Excerpts from a dataset
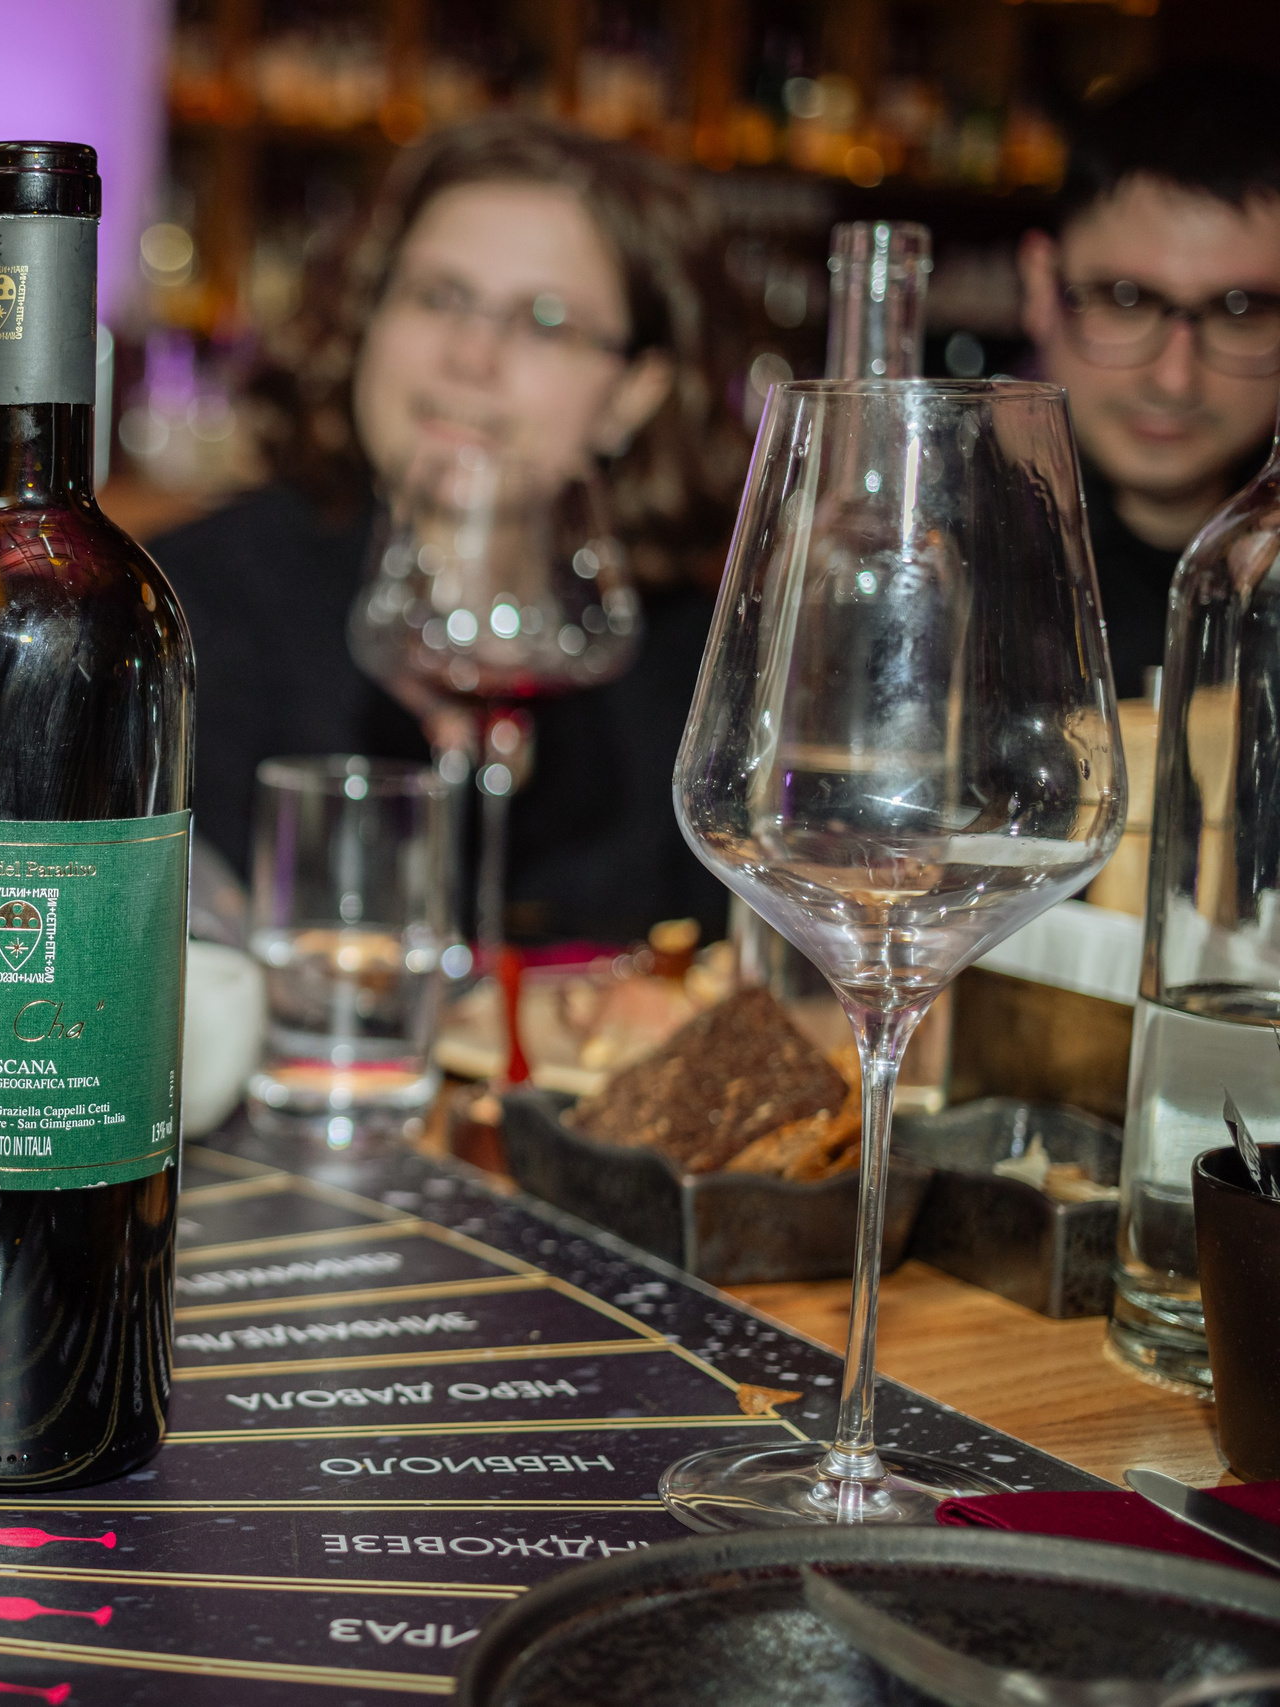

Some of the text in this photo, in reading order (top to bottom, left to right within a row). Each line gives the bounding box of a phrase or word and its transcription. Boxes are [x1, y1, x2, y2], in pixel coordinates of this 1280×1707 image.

[26, 861, 97, 878] Paradiso
[67, 1076, 100, 1087] TIPICA
[43, 1104, 85, 1119] Cappelli
[87, 1102, 110, 1114] Cetti
[18, 1117, 37, 1129] San
[40, 1116, 95, 1131] Gimignano
[103, 1113, 125, 1124] Italia
[151, 1120, 166, 1143] 13%
[13, 1136, 22, 1156] IN
[24, 1134, 52, 1156] ITALIA
[176, 1311, 478, 1353] ЗИНФАНДЕЛЬ
[448, 1378, 578, 1402] НЕРО
[320, 1454, 615, 1476] НЕББИОЛО
[321, 1533, 651, 1558] НДЖОВЕЗЕ
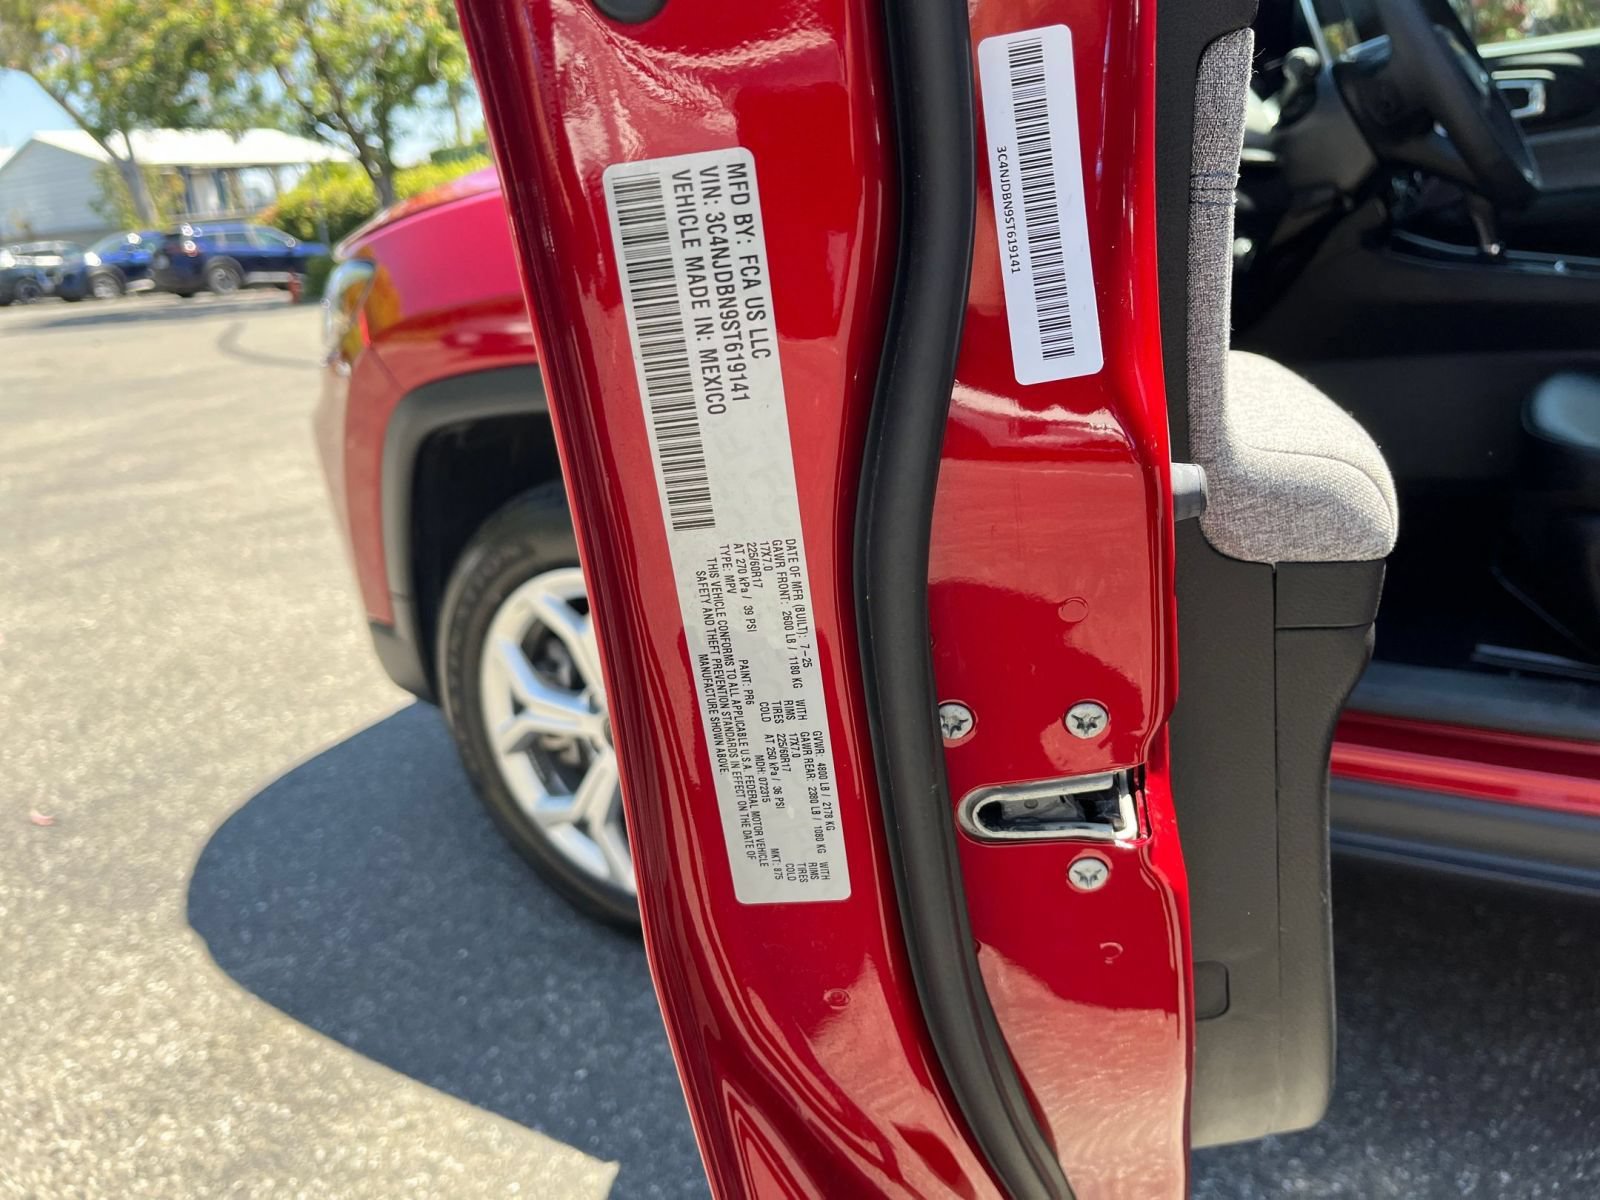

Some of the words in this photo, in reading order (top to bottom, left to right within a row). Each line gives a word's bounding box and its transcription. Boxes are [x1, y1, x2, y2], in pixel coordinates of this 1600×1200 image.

[698, 165, 722, 205] VIN:
[725, 162, 750, 205] MFD
[671, 168, 701, 249] VEHICLE
[996, 145, 1020, 274] 3C4NJDBN9ST619141
[732, 213, 755, 244] BY:
[683, 255, 710, 309] MADE
[738, 254, 761, 290] FCA
[704, 211, 750, 401] 3C4NJDBN9ST619141
[744, 296, 766, 321] US
[693, 316, 714, 341] IN:
[748, 327, 771, 359] LLC
[698, 348, 726, 415] MEXICO
[718, 543, 732, 571] TYPE:
[732, 543, 745, 554] AT
[771, 539, 785, 568] GAWR
[784, 538, 798, 563] DATE
[706, 556, 719, 578] THIS
[735, 558, 747, 574] 270
[788, 565, 800, 577] OF
[695, 570, 711, 604] SAFETY
[723, 574, 737, 594] MPV
[738, 576, 750, 593] kPa
[775, 571, 790, 604] FRONT:
[790, 580, 803, 600] MFR
[710, 580, 726, 617] VEHICLE
[743, 605, 754, 615] 39
[701, 607, 715, 626] AND
[745, 618, 757, 632] PSI
[781, 610, 794, 630] 2600
[791, 604, 808, 638] (BUILT):
[705, 628, 720, 655] THEFT
[745, 541, 763, 588] 225/60R17
[771, 700, 784, 724] TIRES
[759, 540, 773, 571] 17X7.0
[783, 699, 795, 720] RIMS
[784, 633, 796, 643] LB
[716, 619, 734, 666] CONFORMS
[788, 656, 800, 675] 1180
[799, 643, 812, 668] 7-25
[698, 653, 718, 714] MANUFACTURE
[711, 658, 729, 709] PREVENTION
[725, 668, 737, 680] TO
[738, 659, 751, 686] PAINT:
[791, 678, 802, 688] KG
[727, 682, 739, 697] ALL
[743, 689, 754, 705] PR6
[758, 701, 771, 722] COLD
[794, 698, 807, 720] WITH
[709, 716, 724, 745] SHOWN
[720, 710, 738, 758] STANDARDS
[730, 699, 748, 746] APPLICABLE
[763, 734, 774, 743] AT
[799, 731, 812, 755] GAWR
[812, 730, 824, 757] GVWR:
[715, 747, 729, 775] ABOVE.
[730, 760, 740, 768] IN
[739, 748, 752, 772] U.S.A.
[754, 754, 766, 774] MDH:
[765, 746, 776, 760] 250
[768, 762, 778, 776] kPa
[803, 757, 815, 781] REAR:
[816, 762, 827, 779] 4800
[731, 771, 745, 798] EFFECT
[744, 774, 758, 809] FEDERAL
[757, 776, 771, 803] 072315
[772, 785, 782, 794] 36
[807, 786, 819, 803] 2380
[819, 782, 829, 791] LB
[736, 800, 747, 811] ON
[774, 797, 784, 809] PSI
[776, 733, 791, 772] 225/60R17
[796, 862, 808, 883] TIRES
[788, 732, 800, 758] 17X7.0
[807, 862, 819, 879] RIMS
[810, 806, 820, 815] LB
[821, 801, 833, 818] 2178
[739, 813, 750, 828] THE
[750, 810, 763, 836] MOTOR
[824, 820, 834, 831] KG
[742, 829, 754, 848] DATE
[813, 825, 824, 841] 1080
[745, 850, 756, 860] OF
[755, 838, 768, 867] VEHICLE
[770, 847, 781, 865] MKT:
[816, 843, 826, 853] KG
[772, 867, 783, 880] 875
[784, 862, 796, 881] COLD
[818, 861, 830, 880] WITH
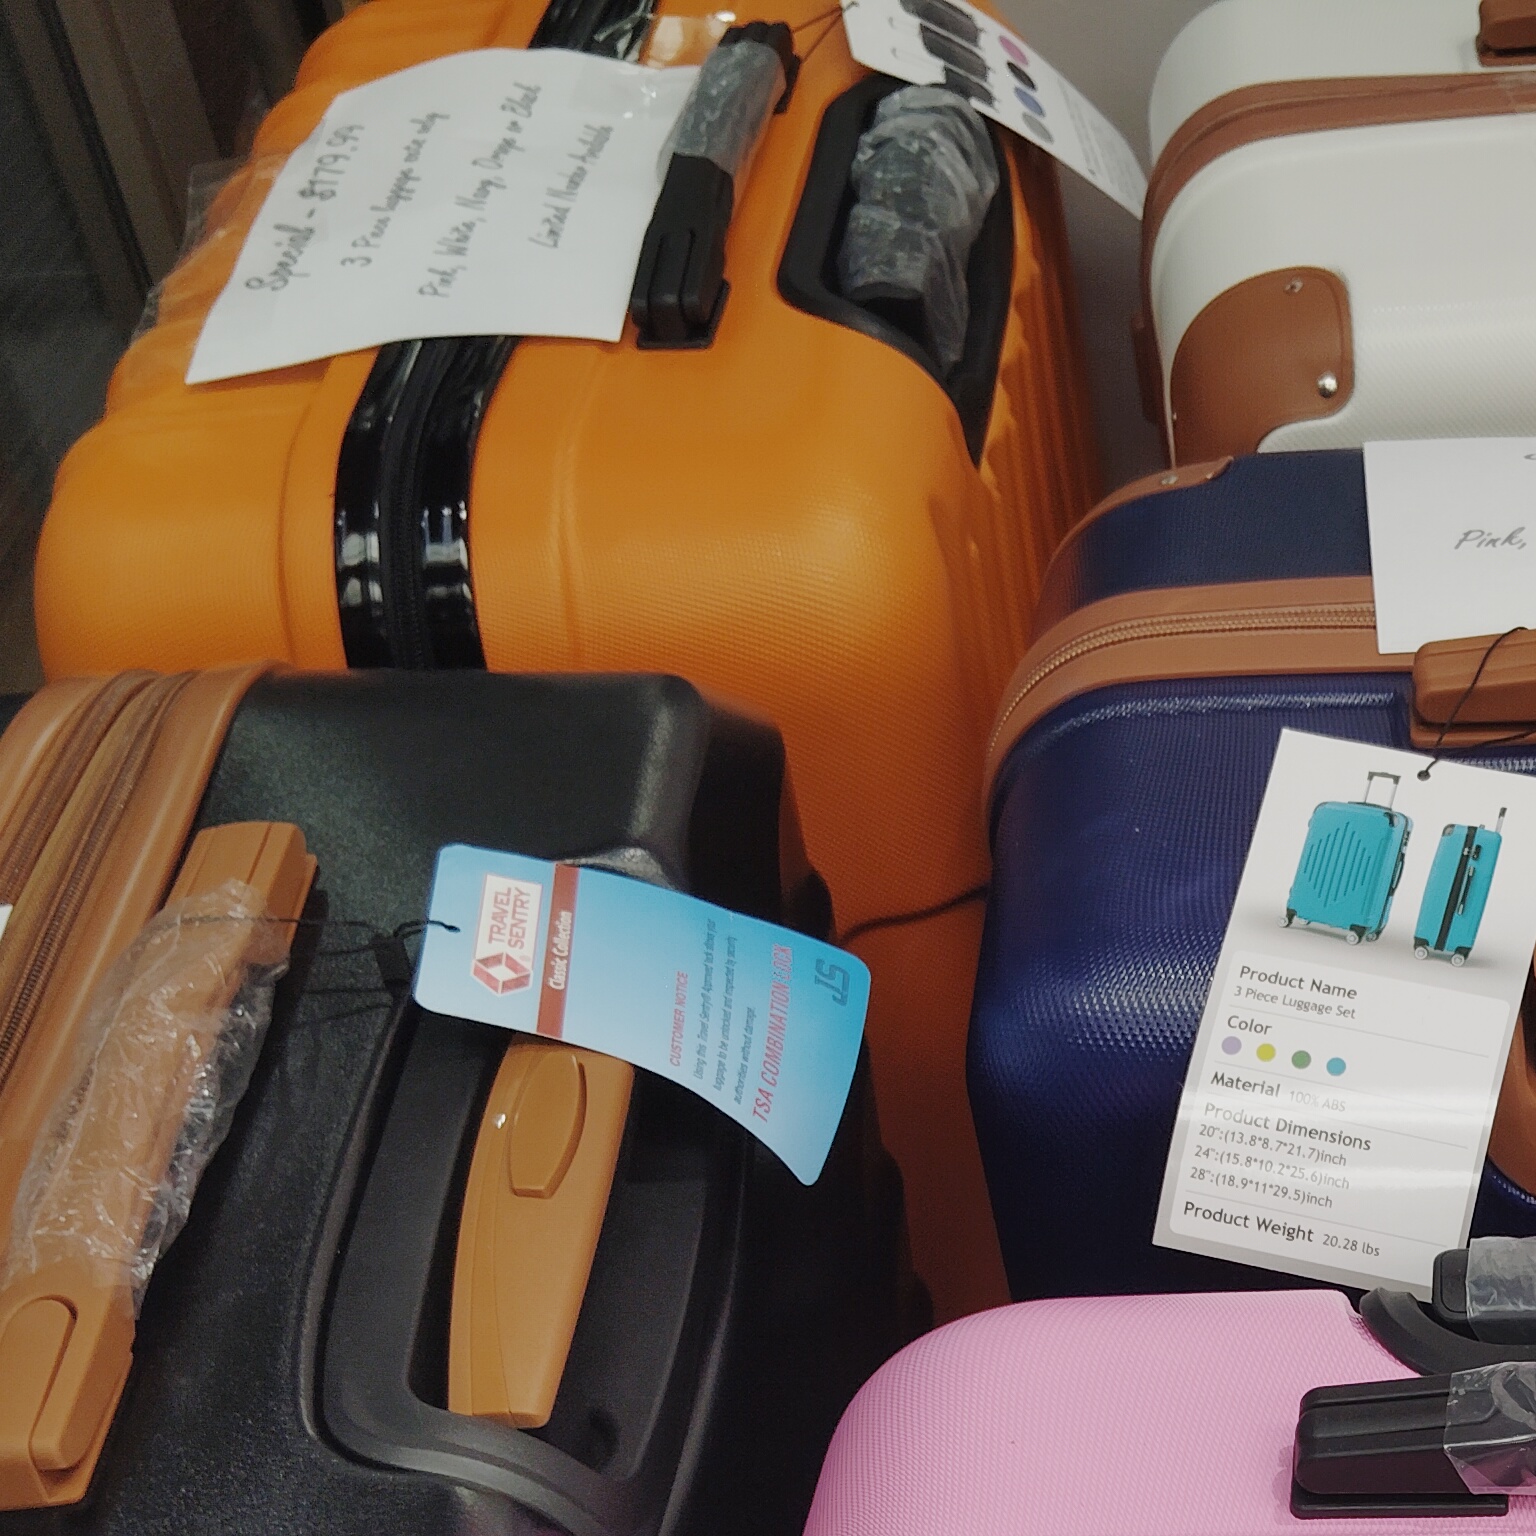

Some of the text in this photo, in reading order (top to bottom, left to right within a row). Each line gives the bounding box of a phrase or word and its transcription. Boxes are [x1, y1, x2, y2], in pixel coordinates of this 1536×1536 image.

[244, 222, 315, 291] Special
[340, 255, 373, 268] 3
[1453, 526, 1528, 551] Pink,
[488, 887, 512, 945] TRAVEL
[508, 886, 531, 950] SENTRY
[549, 909, 573, 990] Classic Collection
[1233, 985, 1356, 1019] 3 Piece Luggage Set
[1239, 965, 1358, 999] Product Name
[669, 970, 689, 1067] CUSTOMER NOTICE
[753, 943, 793, 1124] TSA COMBINATION LOCK
[1227, 1015, 1273, 1035] Color
[1210, 1070, 1347, 1112] Material 100% ABS
[1203, 1101, 1372, 1151] Product Dimensions
[1183, 1200, 1381, 1257] Product Weight 20.28 lbs

= Action item =
Leaving the pictures behind, return every line above exactly.

= Exercise answer =
Some of the text in this photo, in reading order (top to bottom, left to right within a row). Each line gives the bounding box of a phrase or word and its transcription. Boxes are [x1, y1, x2, y2], in pixel coordinates of this 1280×1707 image.

[26, 861, 97, 878] Paradiso
[67, 1076, 100, 1087] TIPICA
[43, 1104, 85, 1119] Cappelli
[87, 1102, 110, 1114] Cetti
[18, 1117, 37, 1129] San
[40, 1116, 95, 1131] Gimignano
[103, 1113, 125, 1124] Italia
[151, 1120, 166, 1143] 13%
[13, 1136, 22, 1156] IN
[24, 1134, 52, 1156] ITALIA
[176, 1311, 478, 1353] ЗИНФАНДЕЛЬ
[448, 1378, 578, 1402] НЕРО
[320, 1454, 615, 1476] НЕББИОЛО
[321, 1533, 651, 1558] НДЖОВЕЗЕ

Some of the words in this photo, in reading order (top to bottom, left to right within a row). Each line gives a word's bounding box and its transcription. Boxes are [x1, y1, x2, y2], in pixel coordinates of this 1600×1200 image.

[698, 165, 722, 205] VIN:
[725, 162, 750, 205] MFD
[671, 168, 701, 249] VEHICLE
[996, 145, 1020, 274] 3C4NJDBN9ST619141
[732, 213, 755, 244] BY:
[683, 255, 710, 309] MADE
[738, 254, 761, 290] FCA
[704, 211, 750, 401] 3C4NJDBN9ST619141
[744, 296, 766, 321] US
[693, 316, 714, 341] IN:
[748, 327, 771, 359] LLC
[698, 348, 726, 415] MEXICO
[718, 543, 732, 571] TYPE:
[732, 543, 745, 554] AT
[771, 539, 785, 568] GAWR
[784, 538, 798, 563] DATE
[706, 556, 719, 578] THIS
[735, 558, 747, 574] 270
[788, 565, 800, 577] OF
[695, 570, 711, 604] SAFETY
[723, 574, 737, 594] MPV
[738, 576, 750, 593] kPa
[775, 571, 790, 604] FRONT:
[790, 580, 803, 600] MFR
[710, 580, 726, 617] VEHICLE
[743, 605, 754, 615] 39
[701, 607, 715, 626] AND
[745, 618, 757, 632] PSI
[781, 610, 794, 630] 2600
[791, 604, 808, 638] (BUILT):
[705, 628, 720, 655] THEFT
[745, 541, 763, 588] 225/60R17
[771, 700, 784, 724] TIRES
[759, 540, 773, 571] 17X7.0
[783, 699, 795, 720] RIMS
[784, 633, 796, 643] LB
[716, 619, 734, 666] CONFORMS
[788, 656, 800, 675] 1180
[799, 643, 812, 668] 7-25
[698, 653, 718, 714] MANUFACTURE
[711, 658, 729, 709] PREVENTION
[725, 668, 737, 680] TO
[738, 659, 751, 686] PAINT:
[791, 678, 802, 688] KG
[727, 682, 739, 697] ALL
[743, 689, 754, 705] PR6
[758, 701, 771, 722] COLD
[794, 698, 807, 720] WITH
[709, 716, 724, 745] SHOWN
[720, 710, 738, 758] STANDARDS
[730, 699, 748, 746] APPLICABLE
[763, 734, 774, 743] AT
[799, 731, 812, 755] GAWR
[812, 730, 824, 757] GVWR:
[715, 747, 729, 775] ABOVE.
[730, 760, 740, 768] IN
[739, 748, 752, 772] U.S.A.
[754, 754, 766, 774] MDH:
[765, 746, 776, 760] 250
[768, 762, 778, 776] kPa
[803, 757, 815, 781] REAR:
[816, 762, 827, 779] 4800
[731, 771, 745, 798] EFFECT
[744, 774, 758, 809] FEDERAL
[757, 776, 771, 803] 072315
[772, 785, 782, 794] 36
[807, 786, 819, 803] 2380
[819, 782, 829, 791] LB
[736, 800, 747, 811] ON
[774, 797, 784, 809] PSI
[776, 733, 791, 772] 225/60R17
[796, 862, 808, 883] TIRES
[788, 732, 800, 758] 17X7.0
[807, 862, 819, 879] RIMS
[810, 806, 820, 815] LB
[821, 801, 833, 818] 2178
[739, 813, 750, 828] THE
[750, 810, 763, 836] MOTOR
[824, 820, 834, 831] KG
[742, 829, 754, 848] DATE
[813, 825, 824, 841] 1080
[745, 850, 756, 860] OF
[755, 838, 768, 867] VEHICLE
[770, 847, 781, 865] MKT:
[816, 843, 826, 853] KG
[772, 867, 783, 880] 875
[784, 862, 796, 881] COLD
[818, 861, 830, 880] WITH

Some of the text in this photo, in reading order (top to bottom, left to right within a row). Each line gives the bounding box of a phrase or word and its transcription. Boxes are [x1, y1, x2, y2], in pixel coordinates of this 1536×1536 image.

[244, 222, 315, 291] Special
[340, 255, 373, 268] 3
[1453, 526, 1528, 551] Pink,
[488, 887, 512, 945] TRAVEL
[508, 886, 531, 950] SENTRY
[549, 909, 573, 990] Classic Collection
[1233, 985, 1356, 1019] 3 Piece Luggage Set
[1239, 965, 1358, 999] Product Name
[669, 970, 689, 1067] CUSTOMER NOTICE
[753, 943, 793, 1124] TSA COMBINATION LOCK
[1227, 1015, 1273, 1035] Color
[1210, 1070, 1347, 1112] Material 100% ABS
[1203, 1101, 1372, 1151] Product Dimensions
[1183, 1200, 1381, 1257] Product Weight 20.28 lbs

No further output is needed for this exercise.